The most gruesome murder of a Pinay OFW happened two years ago in Kuwait when the employer’s freezer turned morgue of Joanna Demafelis’ carcass. And while the scar of tension between the Philippine and Kuwaiti governments is still fresh, another OFW returned home black and blue from Kuwait.

The new victim Jeanelyn Villavende from Norala town in North Cotabato, is just like some of us. She dreamed to redeem the mortgaged farmland; build a decent cottage to shield their bodies from elements; and to send her younger sister to college. But all drives and determinations turned futile in the hands of barbarous and savage employers.

Pre-Departure Orientation Seminar (PDOS) before sending human resource abroad is not enough to thwart abuses. Doling-out financial assistance to the bereaved family even if it is personally delivered by a cabinet secretary cannot console. Suspending the recruitment agency is but superficial to administer justice.

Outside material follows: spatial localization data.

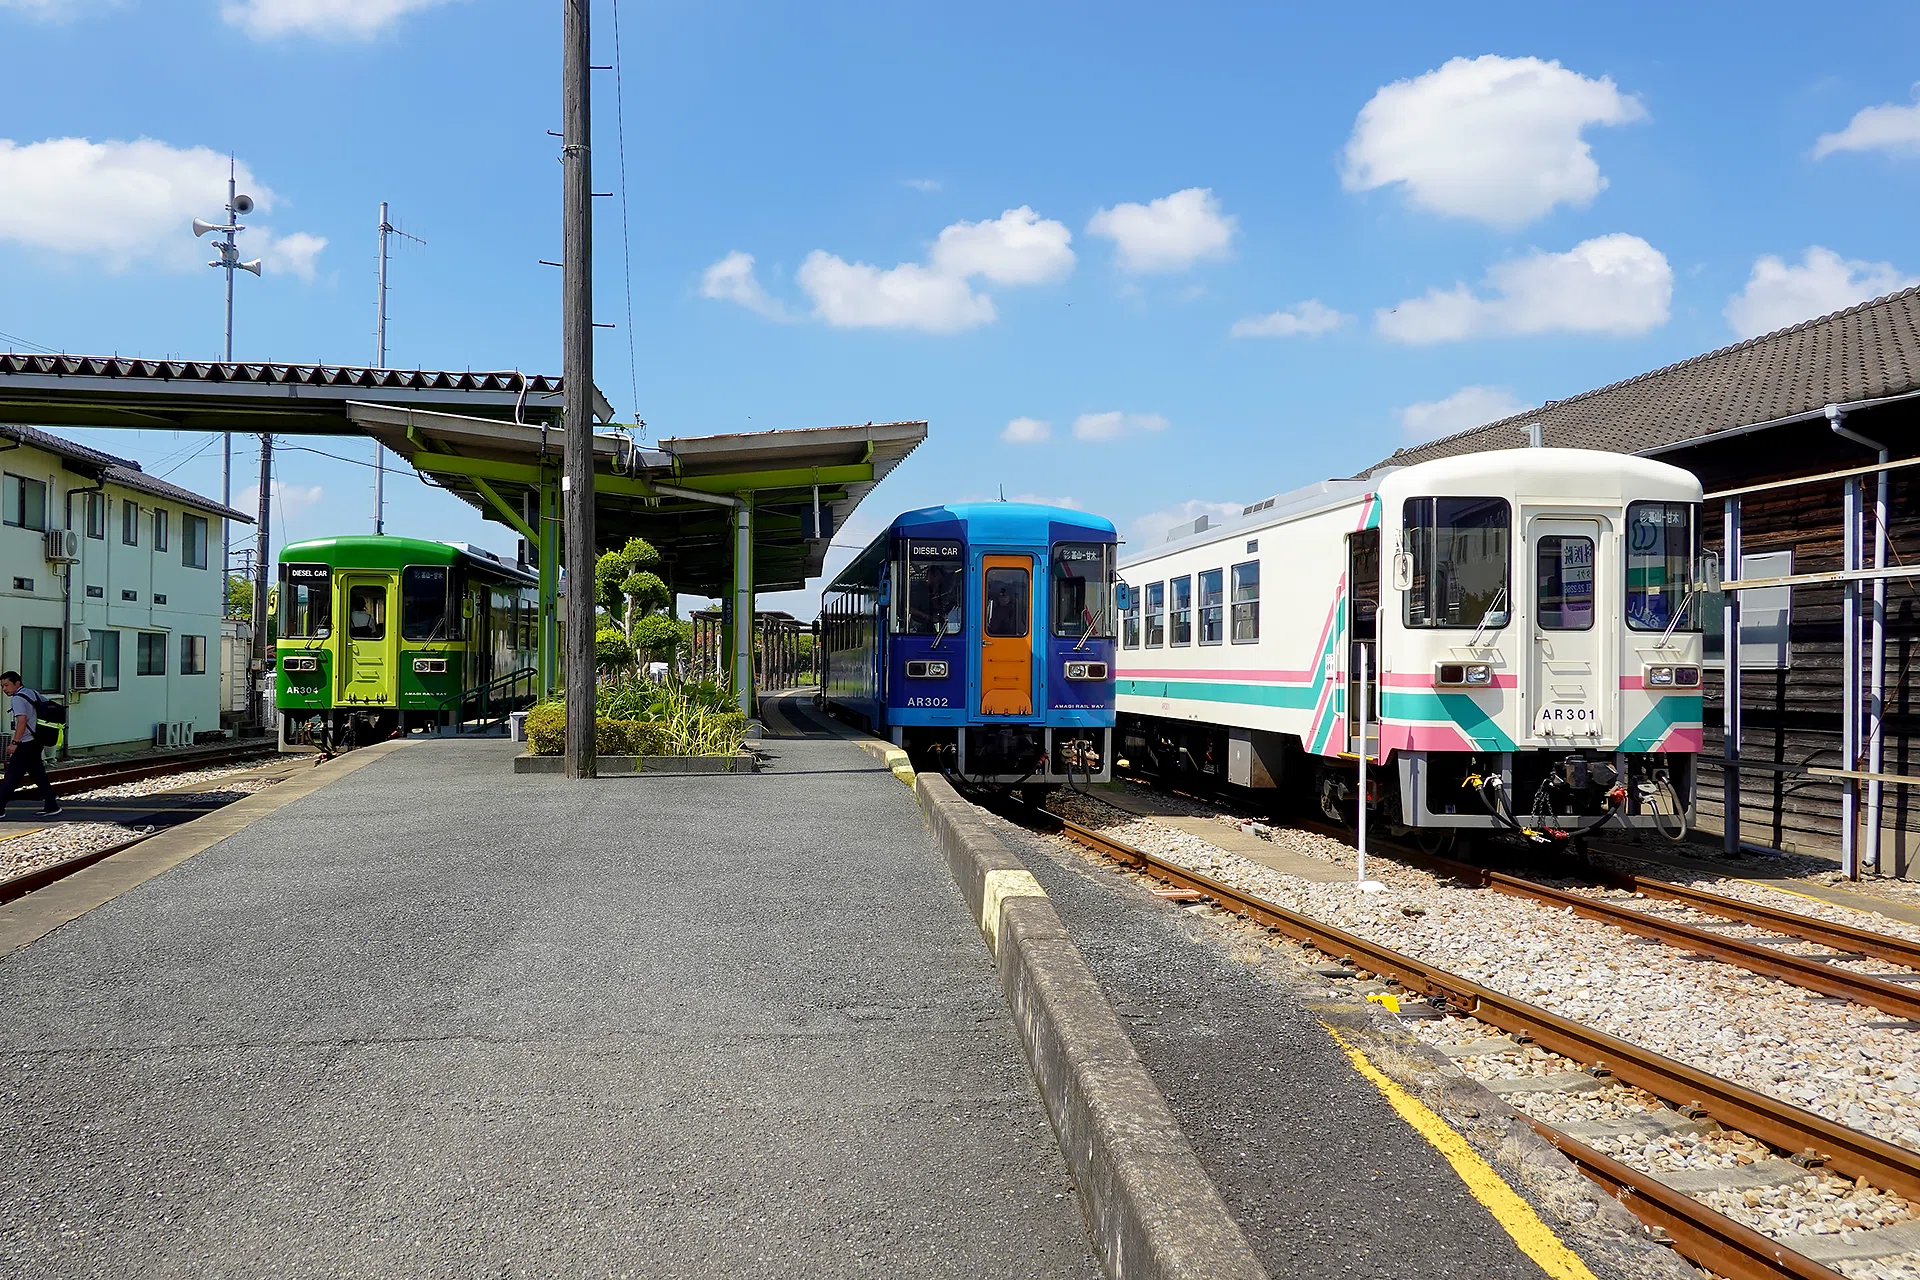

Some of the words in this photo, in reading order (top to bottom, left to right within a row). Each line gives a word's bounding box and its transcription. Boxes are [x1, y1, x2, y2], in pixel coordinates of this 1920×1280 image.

[913, 546, 939, 555] DIESEL
[941, 547, 958, 556] CAR
[292, 569, 313, 577] DIESEL
[286, 686, 319, 695] AR304
[907, 697, 948, 707] AR302
[1542, 709, 1594, 720] AR301
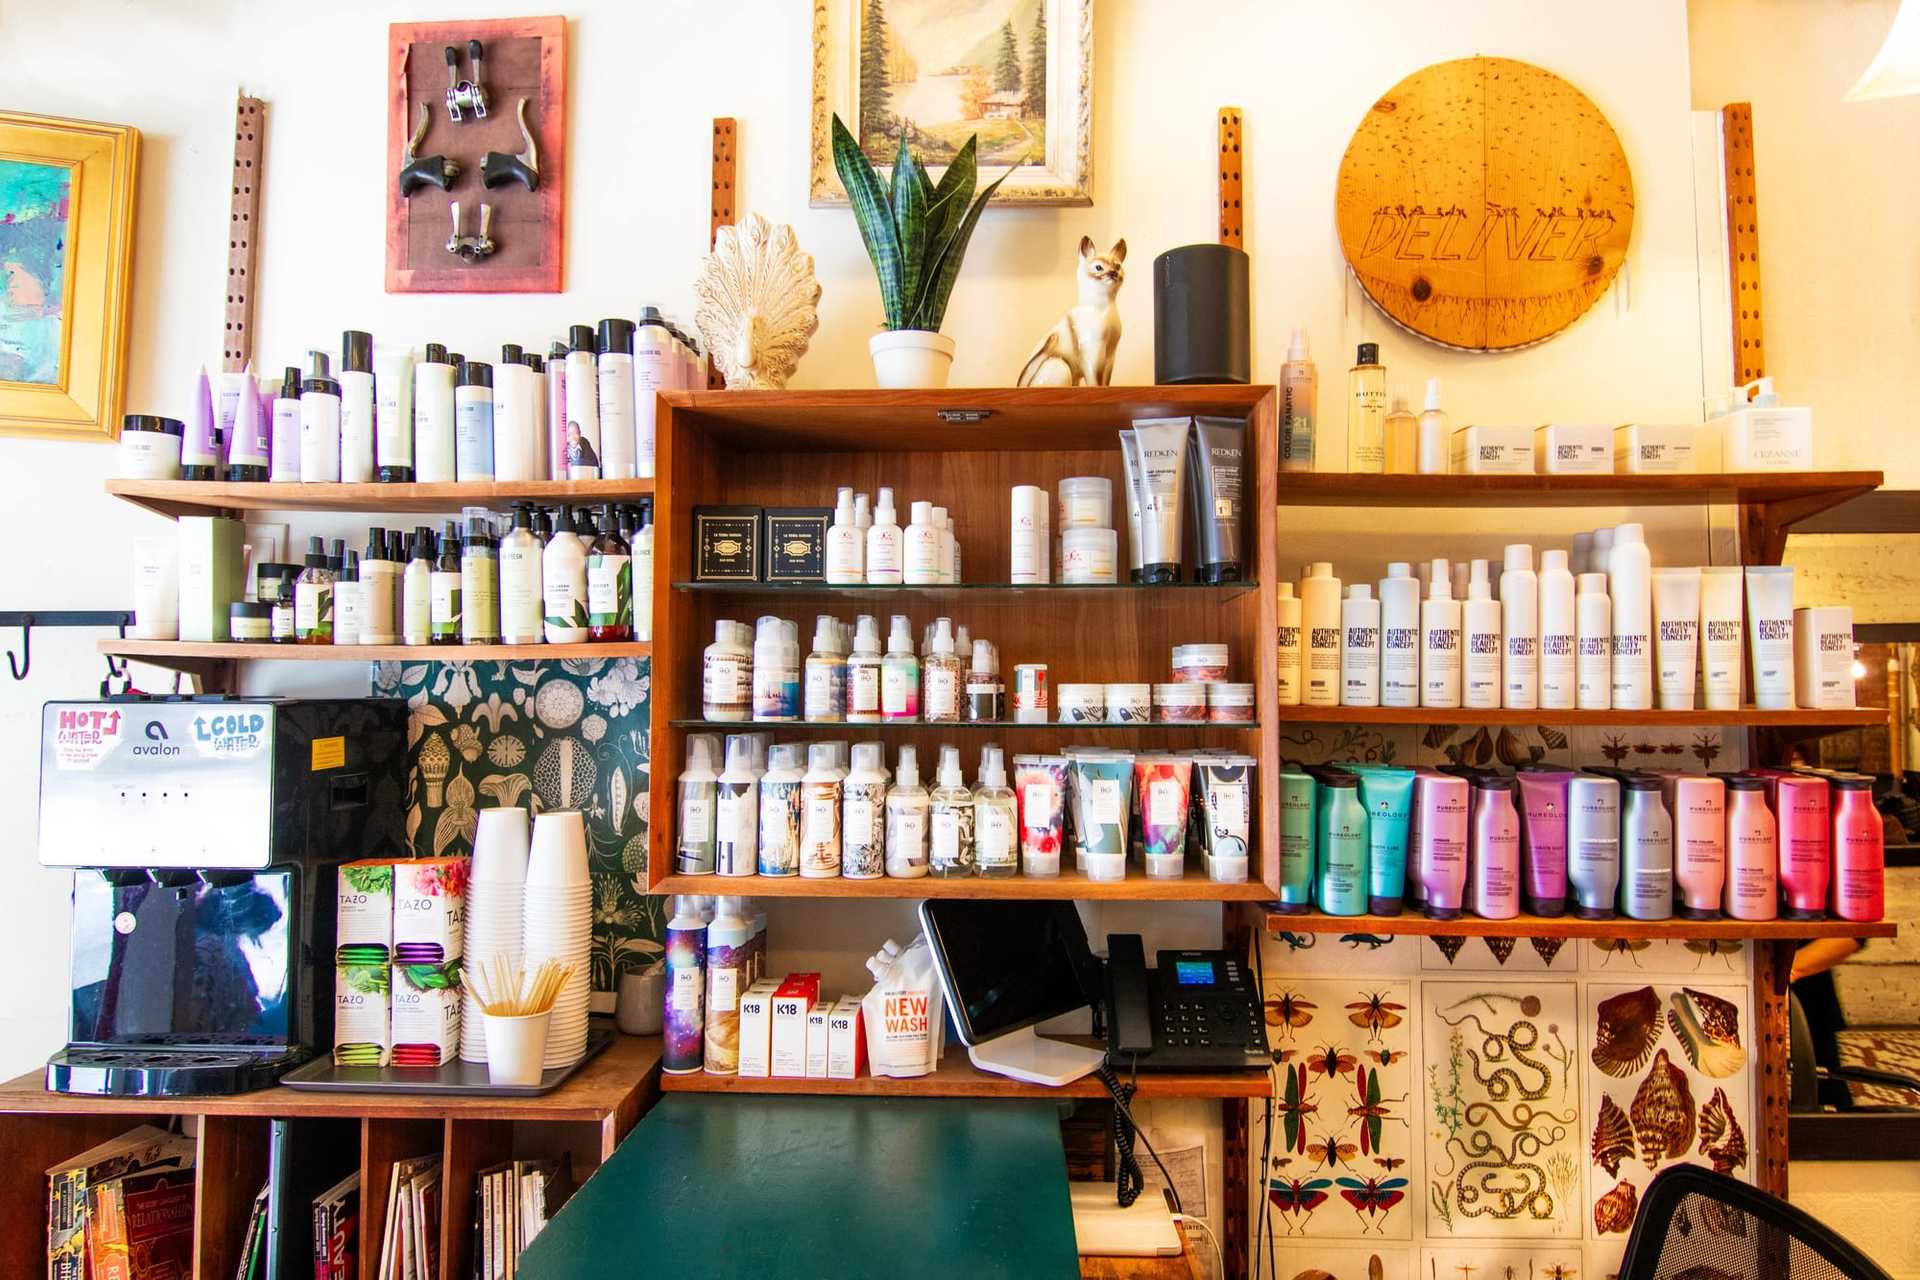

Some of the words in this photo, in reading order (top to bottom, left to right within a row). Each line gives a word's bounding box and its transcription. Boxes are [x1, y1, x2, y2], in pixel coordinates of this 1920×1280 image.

[1360, 207, 1616, 262] DELIVER
[1285, 386, 1293, 426] FANATIC
[1144, 449, 1178, 458] REDKEN
[1211, 447, 1242, 457] REDKEN
[1278, 640, 1297, 648] NCEPT
[1387, 641, 1414, 649] CONCEPT
[59, 711, 107, 729] HOT
[211, 714, 264, 735] COLD
[133, 743, 180, 755] avalon
[340, 895, 367, 904] TAZO
[398, 899, 432, 910] TAZO
[337, 995, 364, 1004] TAZO
[395, 994, 420, 1004] TAZO
[743, 1004, 760, 1014] K18
[777, 1004, 797, 1015] K18
[885, 997, 928, 1016] NEW
[831, 1020, 848, 1029] K18
[885, 1017, 928, 1032] WASH
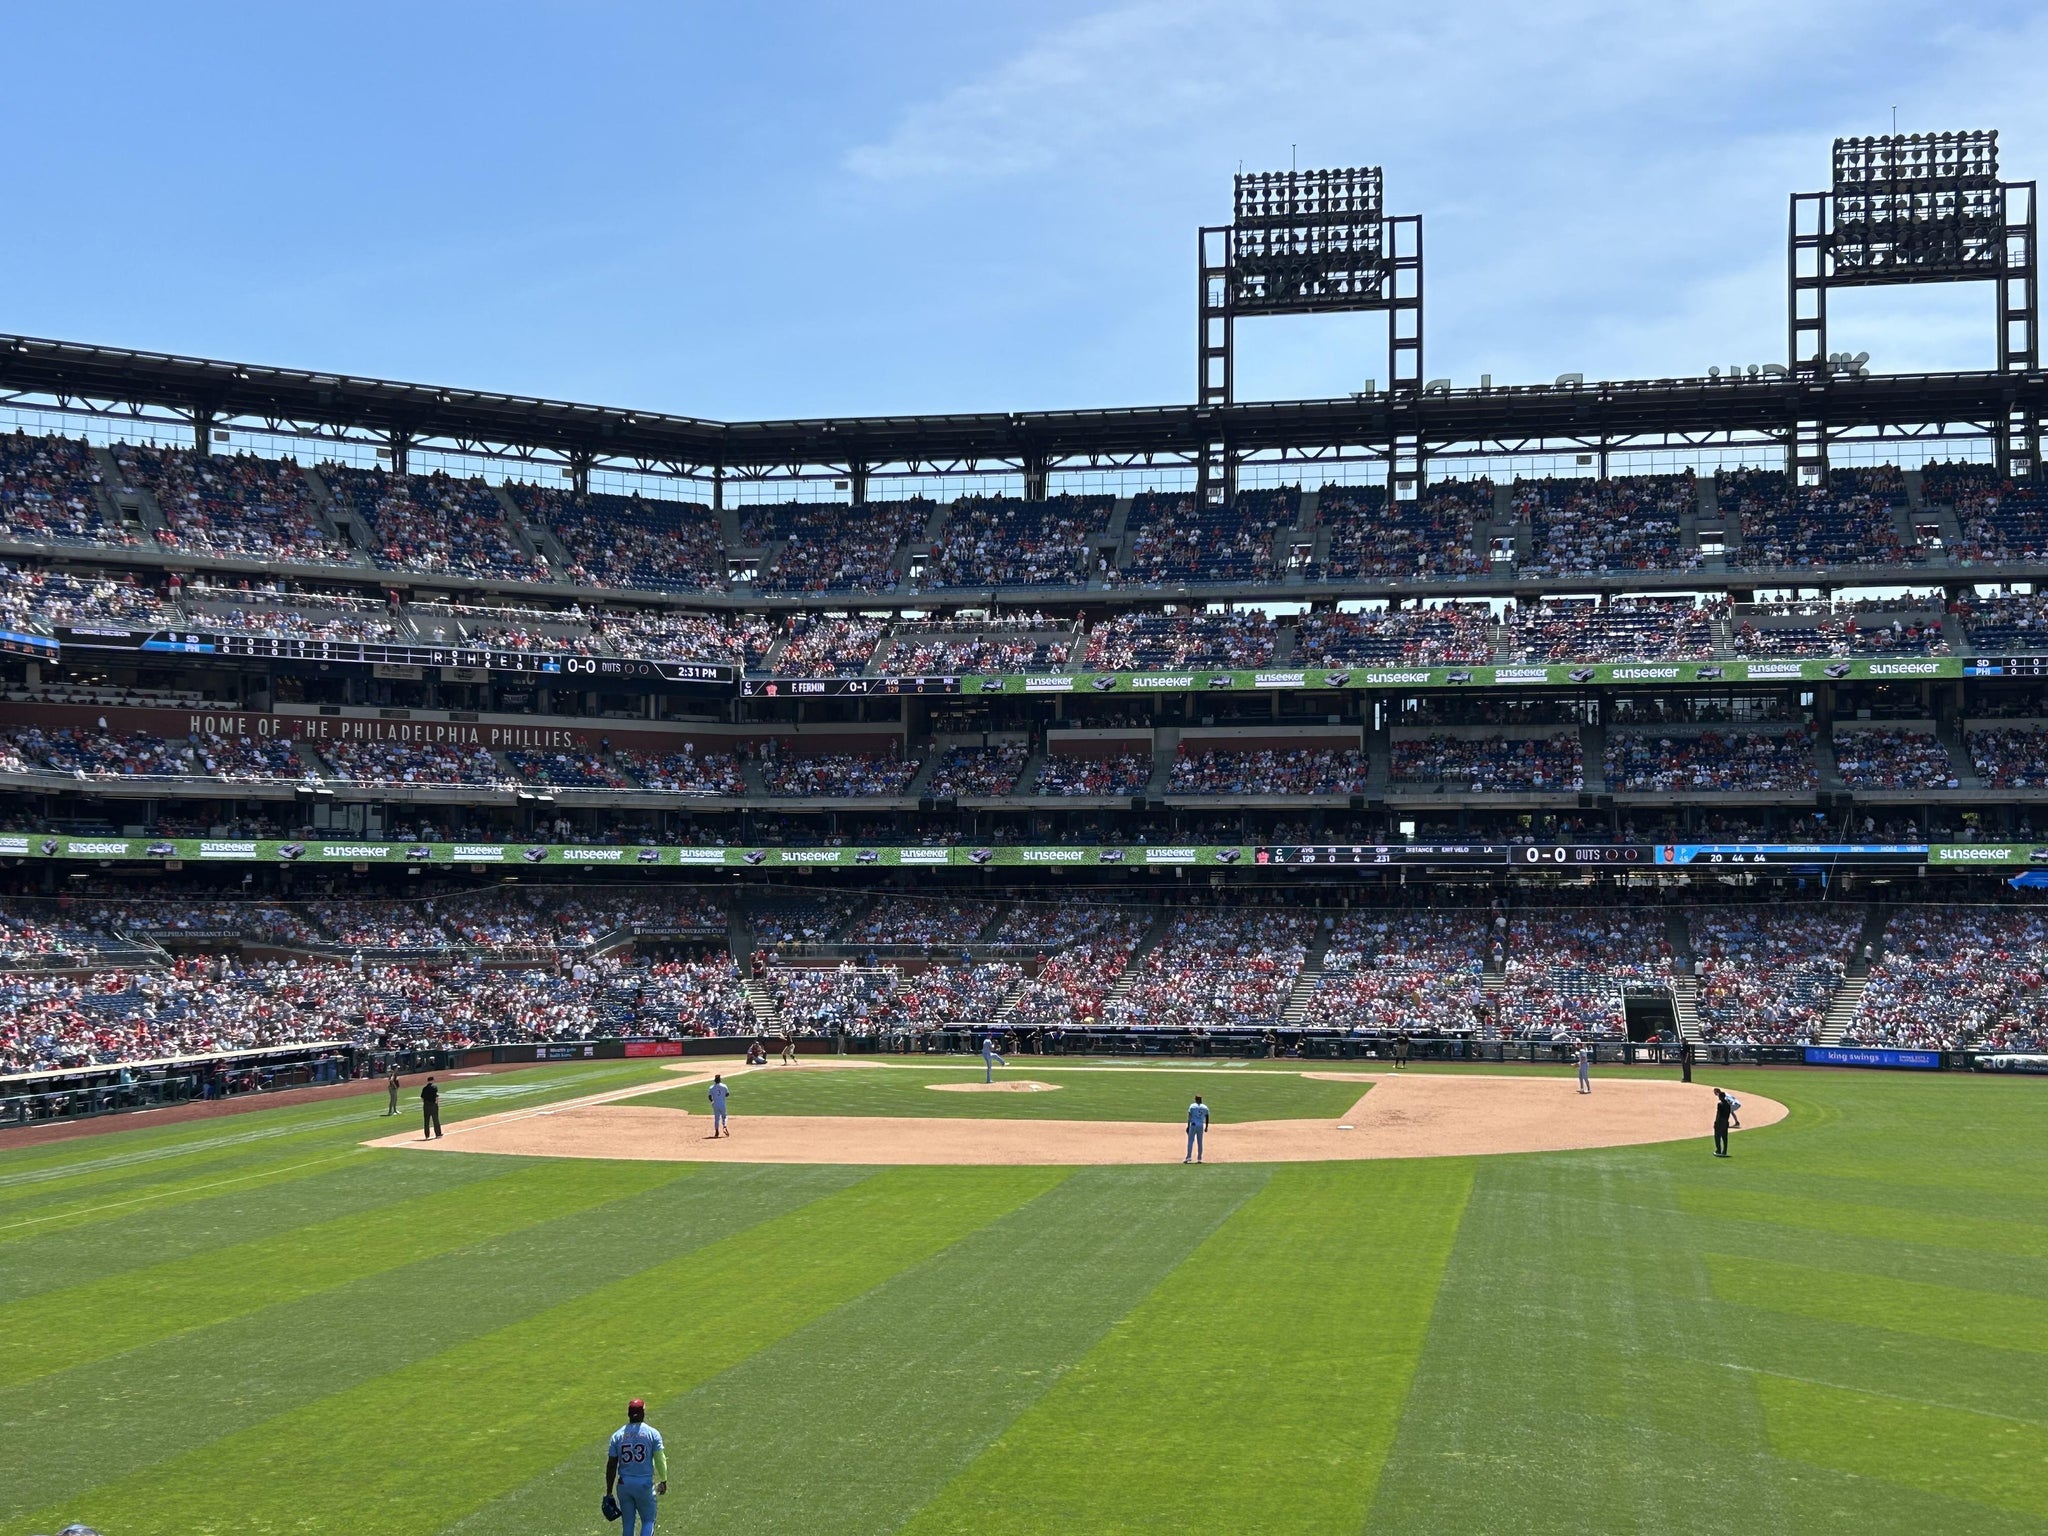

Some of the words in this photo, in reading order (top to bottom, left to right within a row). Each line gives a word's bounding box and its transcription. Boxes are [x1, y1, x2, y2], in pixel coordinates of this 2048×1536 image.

The government should impose total ban from sending OFWs and must institute a well-structured system to support the farmers, the sector where most of the OFW-victims come from.

Had this component of the society been given preferential concern to enjoy good price of their abundant harvest, they could have live to the fulfillment with their family, dignified.

How many lifeless Pinays be sent home shall we count before this present administration takes a larger leap to take care of the dying farmers?